Blog - October 2008
A new report, The Oil Crunch, persuasively argues that constraints in oil supplies are developing and that attention must be paid to the implications. There is no shortage of oil, but there is a shortage of cheap oil ($20-30/barrel). The remaining oil is located in extreme environments, is technically challenging to exploit, and difficult to refine. Moreover, 80% of world oil and gas reserves are controlled by governments, through national oil companies, who could legitimately take a longer term view of the rate of exploitation than would the international oil companies. All this means that oil production is likely to remain flat, or even decline, while demand is expected to continue to rise (tempered in the near term by the recession), hence the expectation of upward pressures on prices.
One source of the upward demand for oil is the practice of subsidising fuel in producer countries, where cheap oil is seen as a birthright. The price of gasoline varies around the world, from 20-40 cents/US gallon in the Middle East and Venezuela, to nearly $4 in the US and up to $8 in Europe.
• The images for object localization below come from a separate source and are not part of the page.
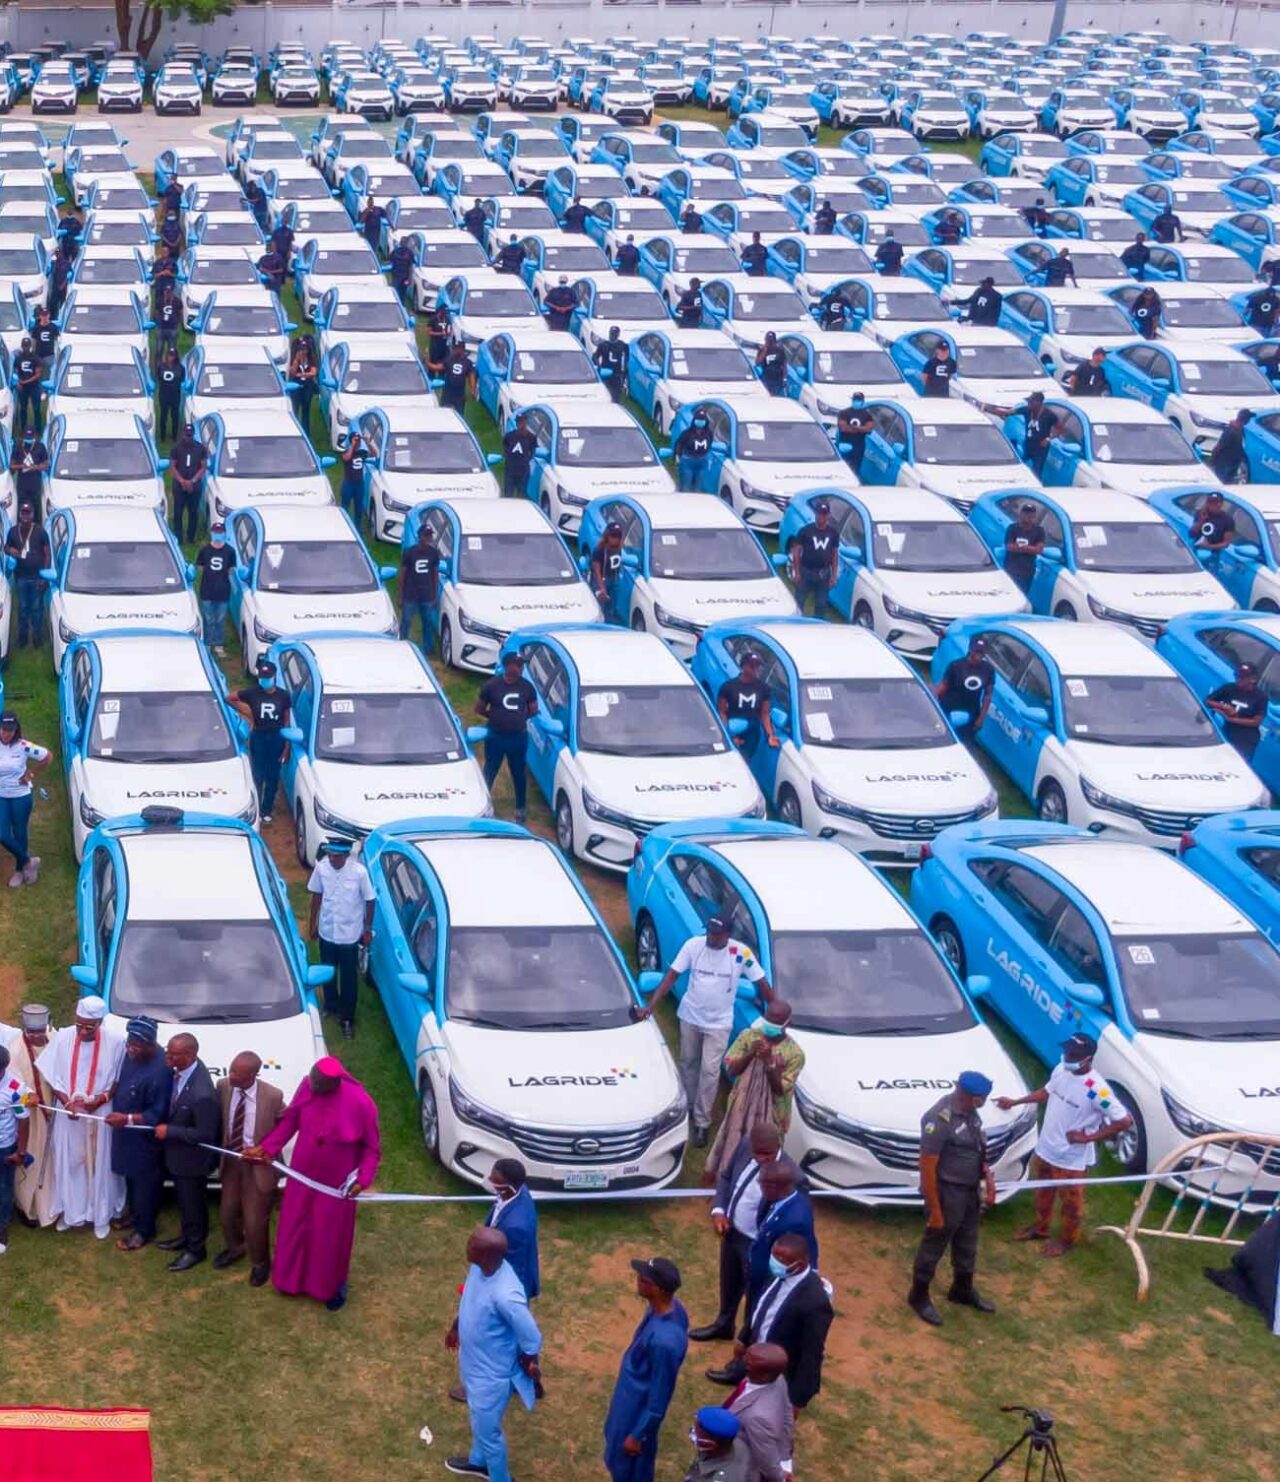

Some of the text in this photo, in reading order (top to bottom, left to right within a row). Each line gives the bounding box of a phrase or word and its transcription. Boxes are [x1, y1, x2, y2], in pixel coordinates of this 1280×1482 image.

[1137, 308, 1148, 317] O
[1260, 302, 1271, 312] O
[40, 331, 50, 341] E
[609, 352, 618, 362] L
[20, 361, 33, 372] E
[452, 363, 463, 374] S
[936, 365, 947, 377] E
[163, 371, 174, 380] D
[511, 442, 523, 454] A
[694, 439, 707, 450] M
[352, 458, 363, 469] S
[1201, 522, 1214, 535] O
[812, 536, 829, 550] W
[210, 556, 223, 570] S
[415, 559, 429, 573] E
[610, 555, 621, 569] D
[964, 676, 982, 690] O
[503, 693, 519, 709] C
[738, 692, 756, 708] M
[635, 783, 720, 792] LAGRIDE
[127, 790, 213, 798] LAGRIDE
[364, 792, 449, 800] LAGRIDE
[985, 936, 1063, 1025] LAGRIDE
[507, 1076, 616, 1087] LAGRIDE
As a consequence, oil demand has fallen for the past three years in OECD countries, while growing at 5-7% a year in the Middle East, India, China and the Far East, the result also of economic development.
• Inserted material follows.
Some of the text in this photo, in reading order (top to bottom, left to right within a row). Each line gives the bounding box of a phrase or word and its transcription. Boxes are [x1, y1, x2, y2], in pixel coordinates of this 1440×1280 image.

The Canadian tar sands are attracting substantial investment from the major oil companies, a consequence of their lack of access to lower cost reserves. This investment requires an oil price of over $80/b, implies that this is the effective floor price for oil.
The prospect of high future oil prices, together with carbon emissions priced to reflect their damage to the planet, means that there are clear incentives to decarbonise the transport system.